—El altar de Jesús María
y Joseph que está en dicha capilla todo se costeó de
bienes del capitán Juan Ruiz de Aragonés. —Don
Diego de Malpartida Zenteno, rúbrica."
El anterior
documento nos enseña, independientemente
de los costos de diversas partes de ella y de los benefactores
que los sufragaron, lo que costaba cada reja de tapincerán
de las que cubrían los arcos de las capillas:
mil pesos.
El magnífico señor don Diego de Malpartida
y Zenteno, deán de la Catedral de cuya munificencia
conservamos más de una prueba, como la preciosa
capa pluvial, joya entre los ornamentos, fué enterrado
en esta capilla de su devoción el 10 de agtoso
de 1711, después de ochenta y tres años
de vida activa y generosa.
Nunca faltaron
benefactores a la expresada capilla pues ya muerto
el generoso deán procuró también
su culto y adorno el arcediano don Ignacio Ceballos,
aunque su caridad ofuscaba a su inteligencia: mandó fundir
tres lámparas de plata que pesaban cuatrocientos
siete marcos, para hacerlas de estilo moderno.
El 29 de julio
de 1764 el señor Rubio y Salinas,
arzobispo de México, consagró los tres
altares de la misma capilla y colocó en ellos
varias reliquias: en el principal, las de los santos
mártires Inocencio, Claro, Celestina y Perfecta;
en otro, las de los santos Columbano, Justo, Victris
y Aurea, y en el último, las de los santos Constancio,
Orestes, Veneranda y Justina. Dispuso que cada año,
visitando la capilla en la misma fecha y debidamente
dispuestos los fieles, ganasen cuarenta días de
indulgencia, gracia concedida por la Congregación
de Ritos.
Reliquia no de
santo, pero sí de las más
venerables que pueden existir para los fieles de México
y aun para aquellos mexicanos que no hayan alcanzado
tal categoría, es el sepulcro que se encuentra
en el muro del Evangelio de la capilla, a poco más
de un metro de altura, cerca del arco de entrada: allí descansan
los restos del benemérito fundador del arzobispado,
don fray Juan de Zumárraga. La inscripción
que cubre su losa dice así:
HIC IACENT OSSA ILLMI AC RMI. D. D. P. IOANNIS DE ZUMARRAGA,
EPISCOPI PRIMI, ET ARCHIEPISCOPI HUIUS STAE METROPILIT.

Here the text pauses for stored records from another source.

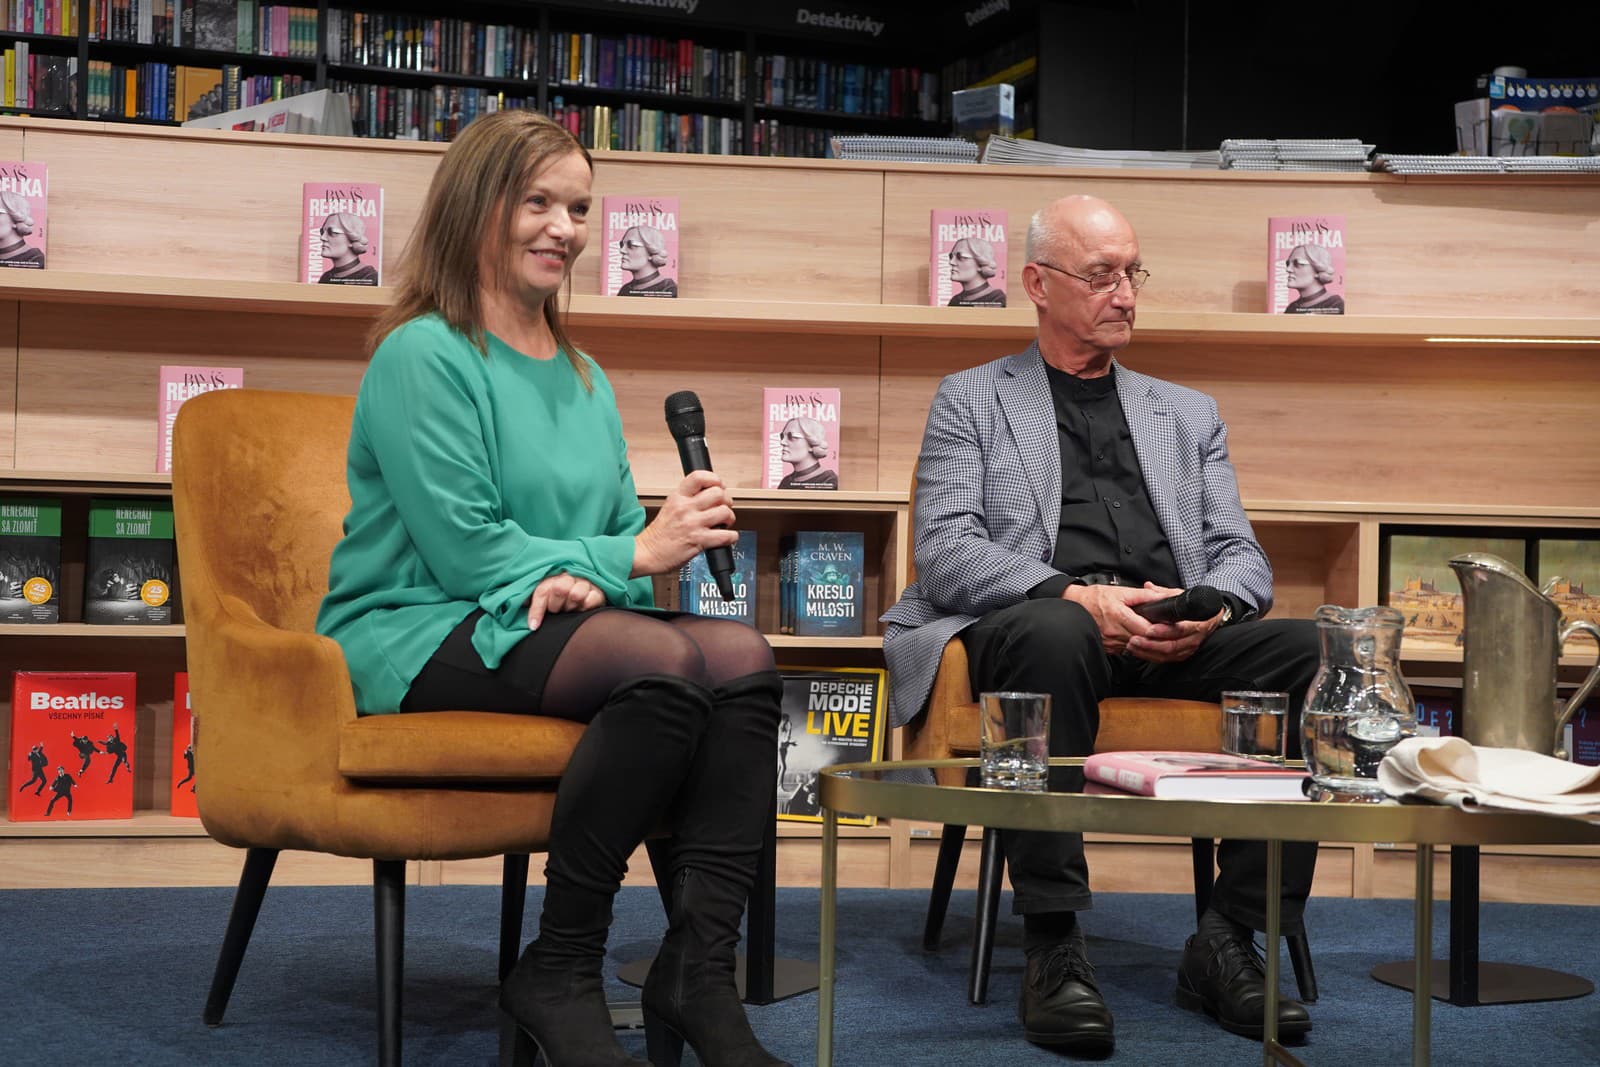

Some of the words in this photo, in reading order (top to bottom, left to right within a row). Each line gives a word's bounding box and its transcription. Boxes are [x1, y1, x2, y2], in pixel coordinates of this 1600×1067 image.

[796, 8, 885, 37] Detektívky
[1, 520, 11, 533] SA
[12, 517, 37, 533] ZLOMIŤ
[115, 522, 125, 535] SA
[126, 520, 151, 536] ZLOMIŤ
[818, 543, 830, 552] M.
[833, 543, 845, 552] W.
[810, 552, 852, 562] CRAVEN
[807, 584, 854, 600] KRESLO
[699, 600, 748, 617] MILOSTI
[806, 602, 855, 618] MILOSTI
[809, 681, 874, 696] DEPECHE
[30, 692, 124, 711] Beatles
[808, 694, 872, 714] MODE
[805, 711, 871, 738] LIVE

MEXICAN. ECCLESIAE. OBIIT ANNO MDXLVIII.
Se copia la inscripción sin desatar sus múltiples
abreviaturas.
Aparte del gran
cuadro que representa El martirio de San Pedro, se
ven en su retablo otras pinturas en tabla relativas
a la historia del esclarecido apóstol,
todas anónimas. El retablo del lado del Evangelio
está consagrado a Santa Teresa, como hemos dicho,
y revela una amalgama entre los altares primitivos de
la Catedral, que consisten simplemente en encasamentos
limitados por pilastras y cubiertos por frontones triangulares,
y una obra moderna que viene a incrustarse en el viejo
retablo del siglo XVI. La arquitectura herreriana ha
sido cubierta con decoraciones pintadas y sobre ella
se sobreponen los tallados dorados de la época
barroca. Cubriendo el muro se encuentran lienzos con
pinturas al óleo que representan Escenas de la
vida de Santa Teresa de Jesús, en una de las cuales
se encuentra la firma: "Echave f." Sin duda
se trata de pintura de Baltasar de Echave y Rioja, el
tercero del nombre, pues su estilo es muy semejante al
de sus otras obras.
El altar del lado
de la Epístola está consagrado
a Jesús, María y José, como hemos
dicho, y en la actualidad sólo tiene la advocación
del santo Patriarca. Se halla adornado con pinturas que
representan Escenas de la vida de Jesús, en una
de las cuales se encuentra la firma de Aguilera, pintor
colonial que floreció en la primera mitad del
siglo XVIII.
En tiempos anteriores
se conservaban en esta capilla los santos óleos en tibores de China, riquísimos,
guardados en un armario. Ahora los santos óleos
se guardan en la capilla de San Felipe, en vasijas más
modernas, y los tibores chinos se exhiben en el tesoro
de la Catedral como algunas de sus joyas mas valiosas.